_Exercise materials:_
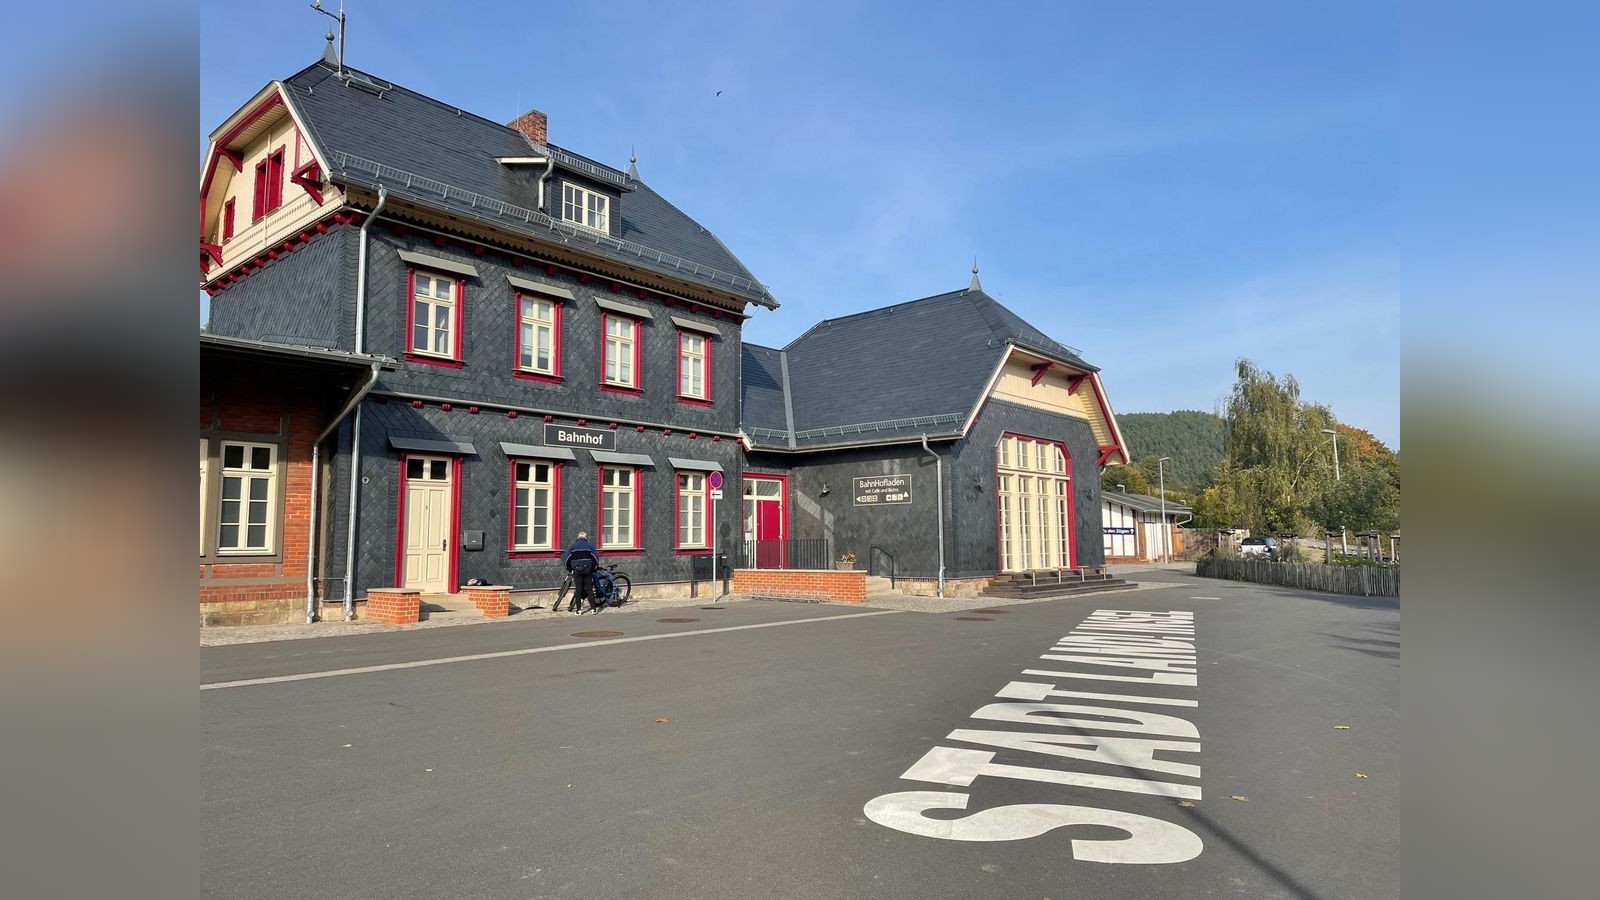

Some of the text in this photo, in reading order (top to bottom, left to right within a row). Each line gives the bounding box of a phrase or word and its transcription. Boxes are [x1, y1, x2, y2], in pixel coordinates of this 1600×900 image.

[558, 430, 603, 445] Bahnhof
[860, 479, 905, 488] BahnHofladen
[863, 680, 1204, 865] STADT
[1075, 609, 1197, 635] INSEL

_Aim of the exercise:_
Line by line, return the listing above exactly, dropping every picture.

_Solution for this task:_
Some of the text in this photo, in reading order (top to bottom, left to right within a row). Each line gives the bounding box of a phrase or word and its transcription. Boxes are [x1, y1, x2, y2], in pixel coordinates of this 1600×900 image.

[558, 430, 603, 445] Bahnhof
[860, 479, 905, 488] BahnHofladen
[863, 680, 1204, 865] STADT
[1075, 609, 1197, 635] INSEL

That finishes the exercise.